I made this nonnet after reading the article I mentioned in my previous blog post.
(Poem #58 on new numbering scheme)
A new rain of unfortunate ants has arrived, my fellow workers! Let's welcome them to our dark yet thriving, cold abode! Let's show them the walls! Let's move this dirt! Let's begin to eat(,) ants!
(Poem #57 on new numbering scheme)
Grasping the atmosphere like despair, the humidity guards the dusk. The equinox approaches. A hazy twilight hangs. My expectation helps me walk home, awaiting longer nights.

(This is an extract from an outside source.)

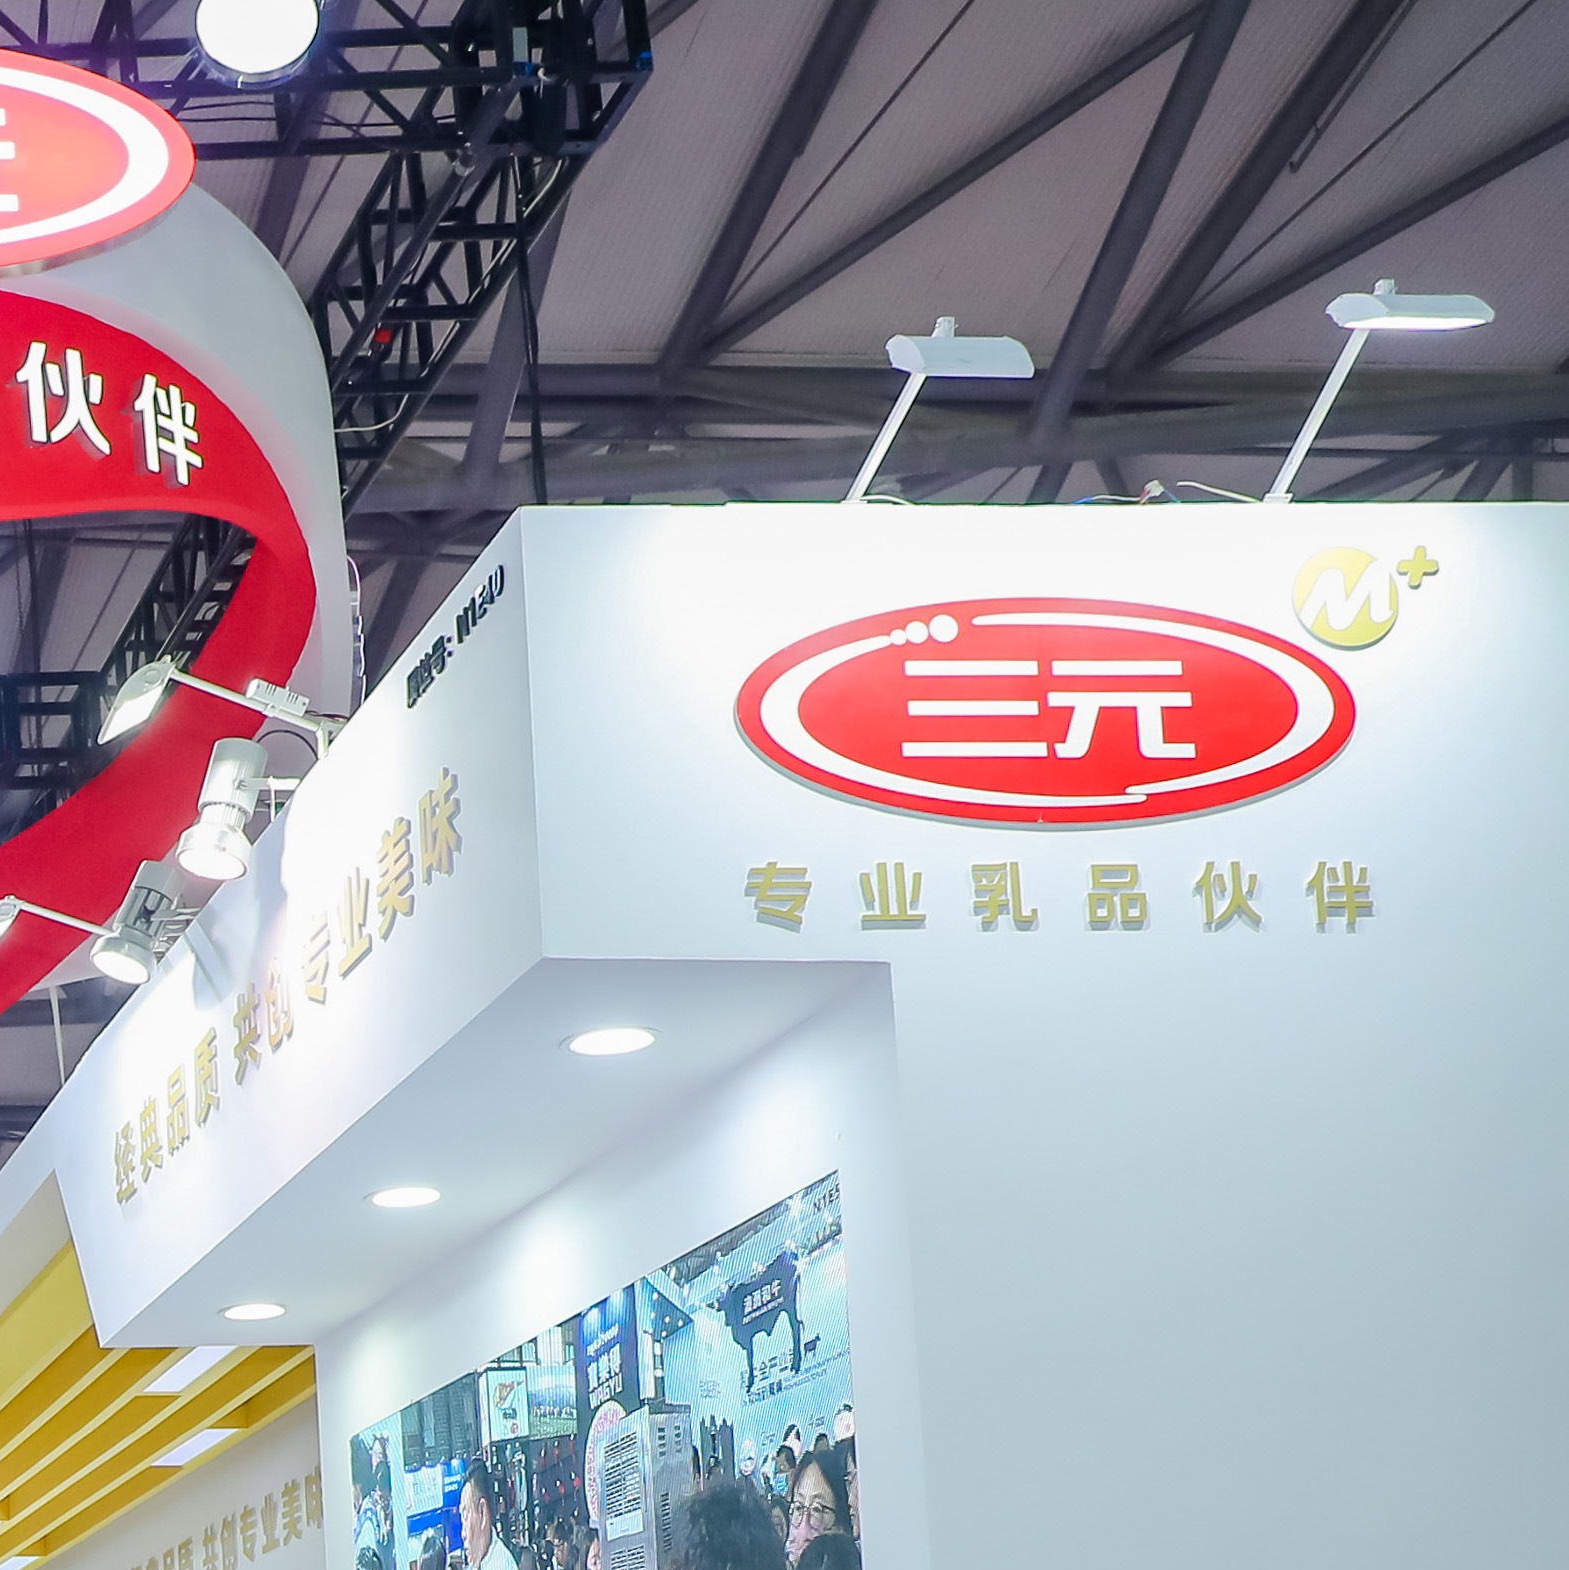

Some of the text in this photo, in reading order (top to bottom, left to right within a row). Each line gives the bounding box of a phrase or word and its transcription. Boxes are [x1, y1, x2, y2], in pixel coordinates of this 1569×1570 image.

[901, 660, 1197, 758] 三元
[745, 861, 1375, 931] 专业乳品伙伴

(Poem #56 on new numbering scheme)
While the sun was glaring, a cloud drifted meditatively across a hazy sky, but the cloud failed to commit to any kind of rainmaking. It felt no inclination for mud.
(Poem #55 on new numbering scheme)
I was walking to the hospital the other day and wondering how to make some poetry on a late summer day. I heard some crickets. My conclusion: like those bugs, I can speak.